September 17th, 2014 at 10:07 PM ^

It depends on the scope really - if it is just Michigan games, then the stats archive goes back to 1949, I believe, but ESPN has gmes going back to the early 2000s if you search them. Most of the team pages are still active in their original format, I believe, so if you needed stats, you could copy and paste from their site like that. I think the team pages go back for several years as well.

stbowie

September 18th, 2014 at 7:49 AM ^

Primarily looking for current season B1G games, and as many UM games as I can get. Looks like stats archive will work great for older UM games and ESPN will work just fine for current season (and the last 10 years as well).

MCalibur

September 18th, 2014 at 12:10 AM ^

Unfortunately cfbstats is no longer free. Packages start at $750/year.Historic data costs $1500. I'd be willing to pay for what my man was doing but that is just too steep. I has sad.
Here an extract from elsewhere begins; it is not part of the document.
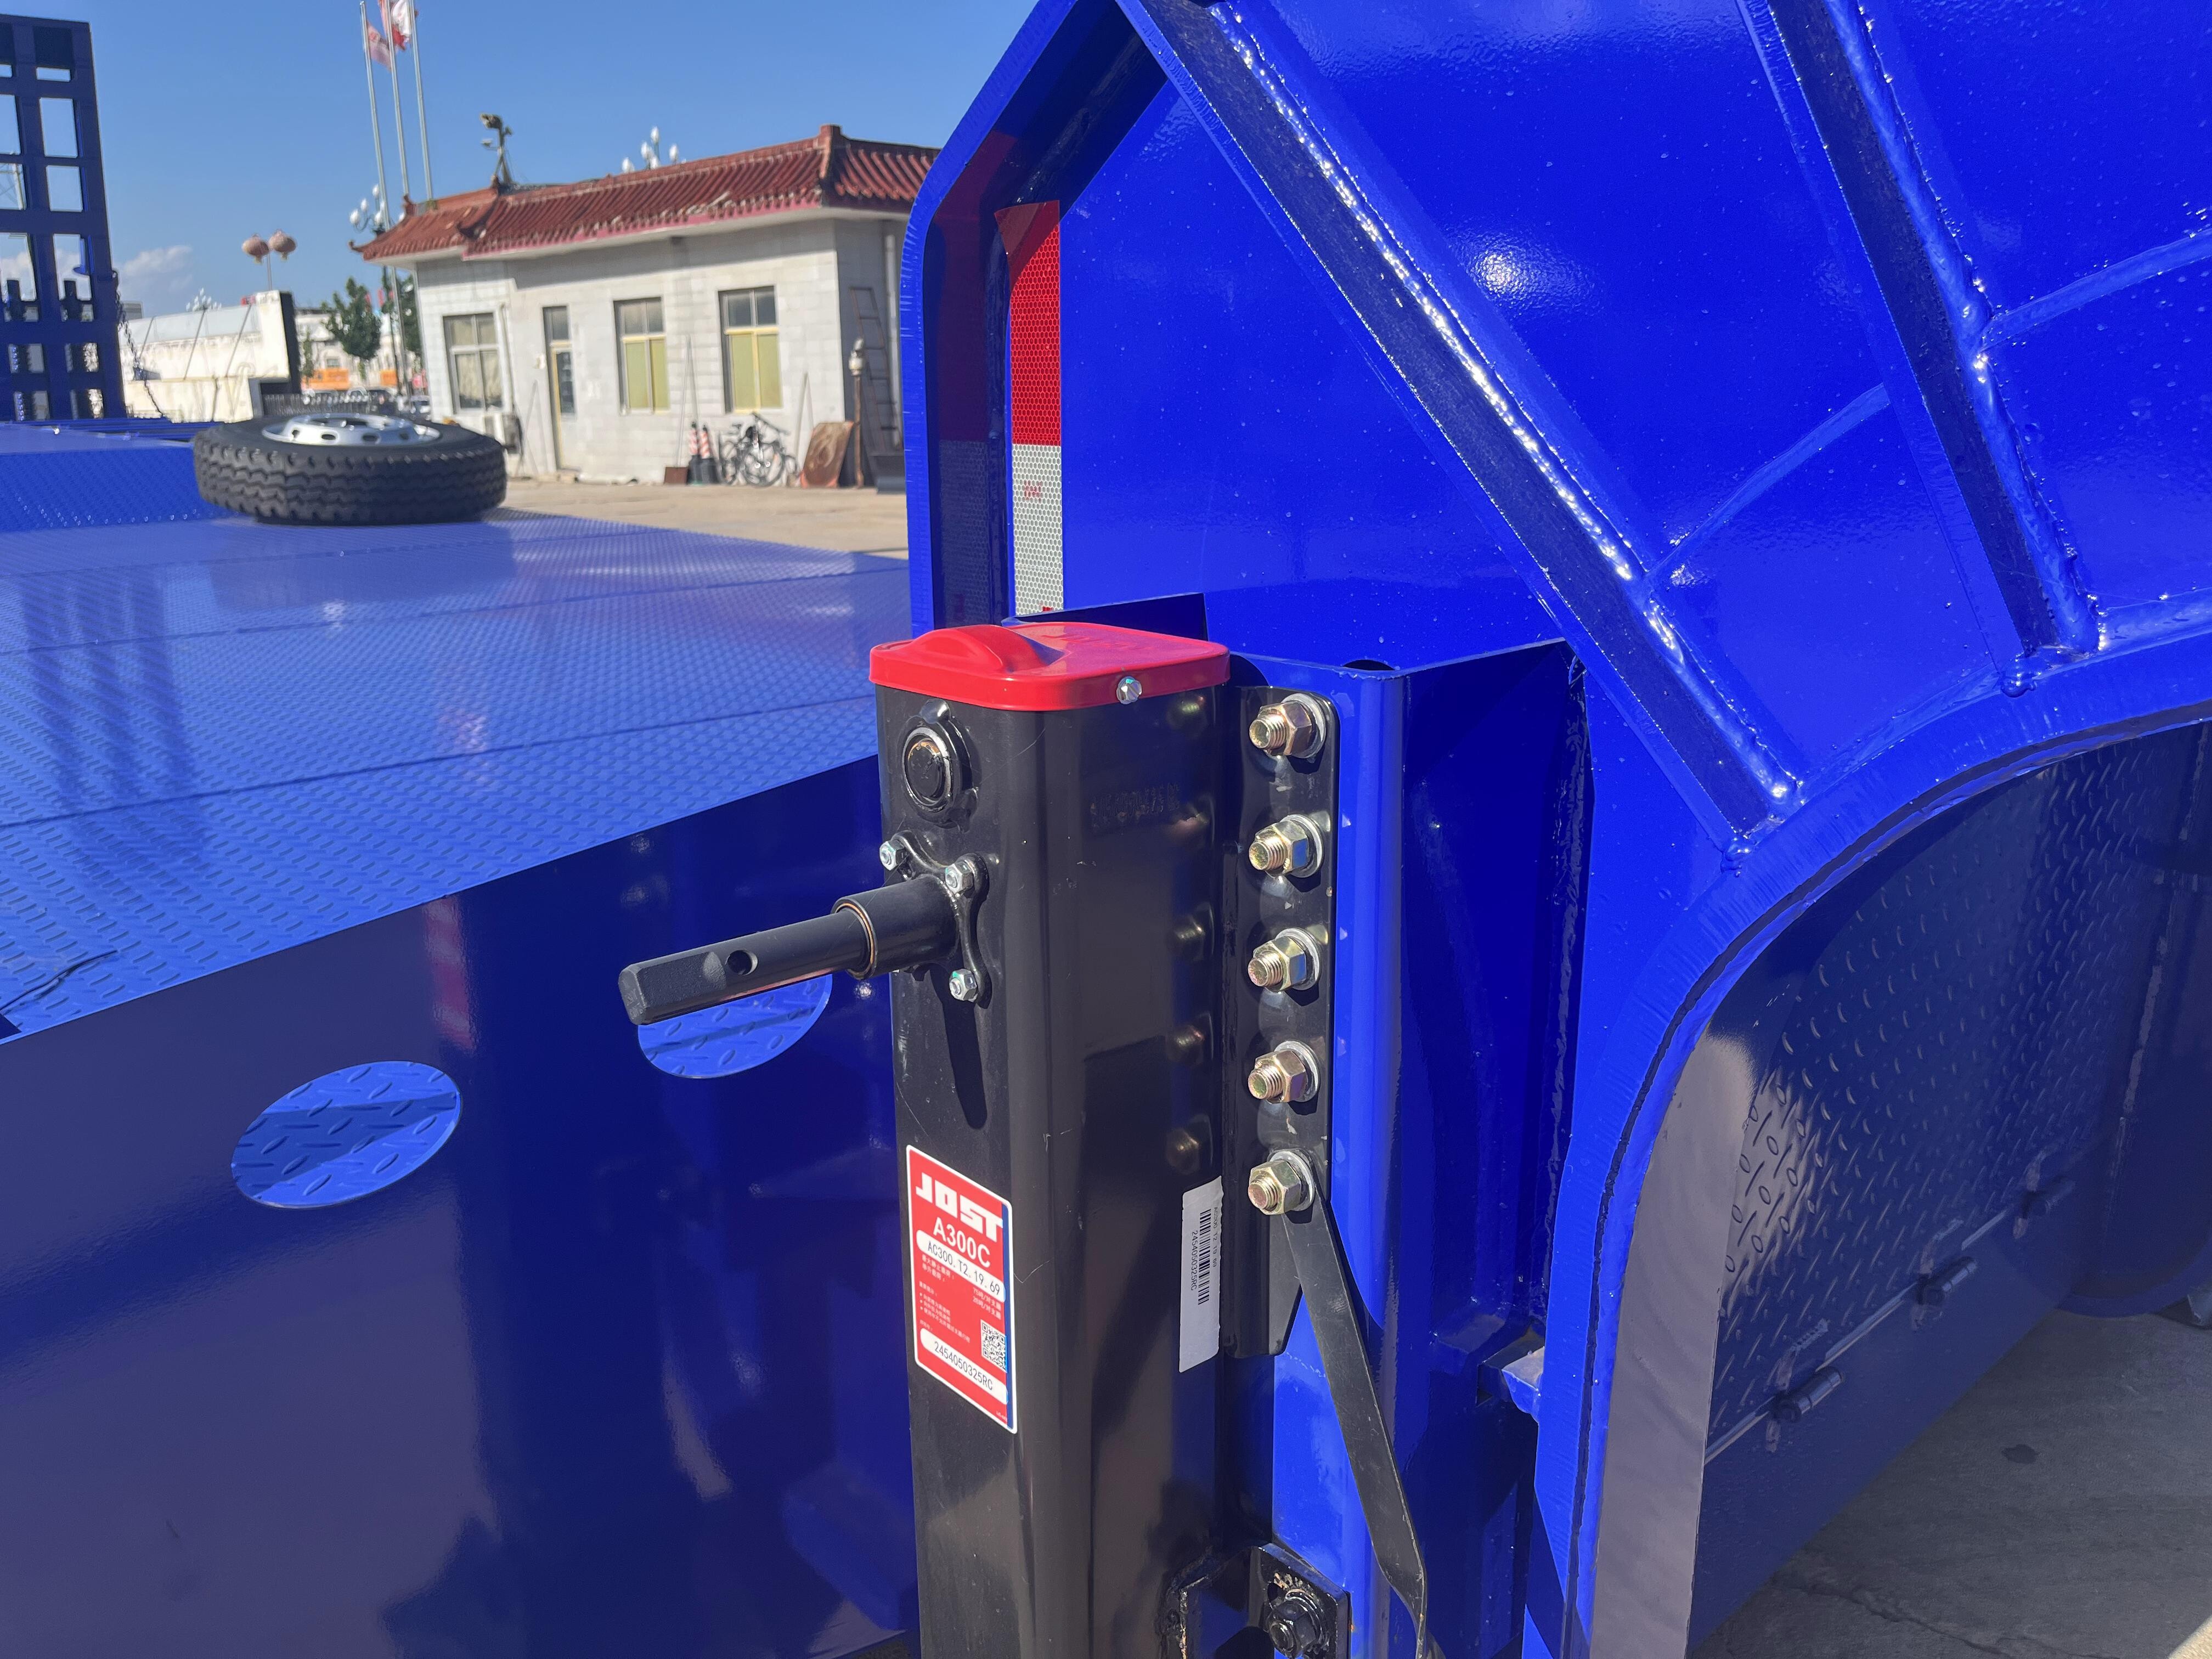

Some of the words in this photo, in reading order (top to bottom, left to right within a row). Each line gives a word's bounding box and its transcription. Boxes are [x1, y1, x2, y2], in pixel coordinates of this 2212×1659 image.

[916, 1172, 1003, 1242] JOST
[933, 1217, 990, 1267] A300C
[934, 1341, 993, 1390] 2454050325RC
Seth was saying that mgoblog had a project going where the the free service cfbstats was providing would reside here. Not sure where that stands though.

[EDIT: here's a USAToday story to what happened to cfbstats. Basically these guys were doing similar things and BIG TIMERS (coaching staffs, etc) were subsribing to their stuff. That data is being provided to the CFB Playoff Selection Committee. So, the gobbled up cfbstats and now they're charging for it. I'd love to be part of an open source project to develop a free parser in python or something. Whatever man, this sucks.]

Seth

September 18th, 2014 at 2:49 PM ^

They made Marty their resident nerd; it's just two brothers. They wanted us to get together with some other blogs to pay $7500 for stats and i was like: Uh no we will build our own.

SO WE ARE BUILDING OUR OWN

We're now in the parsing stage, where there's all sorts of hellish things to fix like drives that start over because of fumbles and whatnot. We'll have the data first, and eventually pages for every team with sensical stats (SACKS ARE PASS PLAYS!!!). We'll also be doing a lot of things marty (CFBStats) never did, like have the recruiting profiles linked to performance. Eventually. First is getting the PBP data to not suck.

Nate, the guy who jumped on this for us, should be posting soon.

ShoelaceToJunior46

September 18th, 2014 at 10:32 PM ^

Hey all, Nate here.

Sorry for the slow response, my day job as a security consultant here in Chicago was pretty crazy today.

So yes, we're building a scraper in Ruby that reads the raw PBP data from the HTML, JSON, and other files from stats.ncaa.org. That data gets parsed into CSV files that I will eventually be building into a relational database, front-ended by a Ruby on Rails application (maybe with some new hotness JavaScript framework that makes it easy to browse around).

Initial goals are just to recreate useful stats in a way that people can consume them without having to go through the hell of parsing the data like I have. Longer term goals are to come up with interesting queries that can be run against the data set, maybe create an API, etc. For those familiar with Rails, ActiveRecord relationships make this really nice and straightforward to do interesting things.

HOW CAN YOU HELP ME

A lot of you are already interested in this, asking how you can help, etc. first off, I've created an email that you can get me at for this project [email protected]... second, here's the list of things we need help with:

  1. The biggest thing we need right now is some QA testing... essentially, people who are willing to take a set of CSV files, go to the corresponding game page, and make sure our data looks reasonably accurate. The more people help out here, the more accurate our data, the more things I can fix in the parser for future data, and the quicker I can get to building features that actually are interesting.
  2. If you have interesting data sets in a not sucky format that I can consume to add to what we hope will be a pretty sweet setup, that's wonderful.
  3. If you have Ruby/Rails experience and want to contribute, that's wonderful (frankly, I'm not a full time programer, I'm a computer security guy... I consult companies on security of their applications... read: I break applications, I don't build them).
  4. If you have graphic or front-end experience, especially if you've done some of this in something like Ruby/Rails, or one of those fancy new single-page JavaScript frameworks that can do really nice single-page applications to make load times fast and what not, that could be interesting down the road.
  5. If you have ideas on what would make this super awesome, well, we already have a lot of features to get done, but shoot them my way.
  6. If you just think this is awesome and want to provide words of encouragement, hey sure, I'll take it... if you see this data raw, you will come to learn pain when you try to parse it :).

Side note, I don't really post on MGoBlog often, but I read it religiiously. I took this project on because I thought this would be a nice way to give something back... so I'm really hopeful that I can make that happen for everyone and that that will turn into more awesome content for the blog.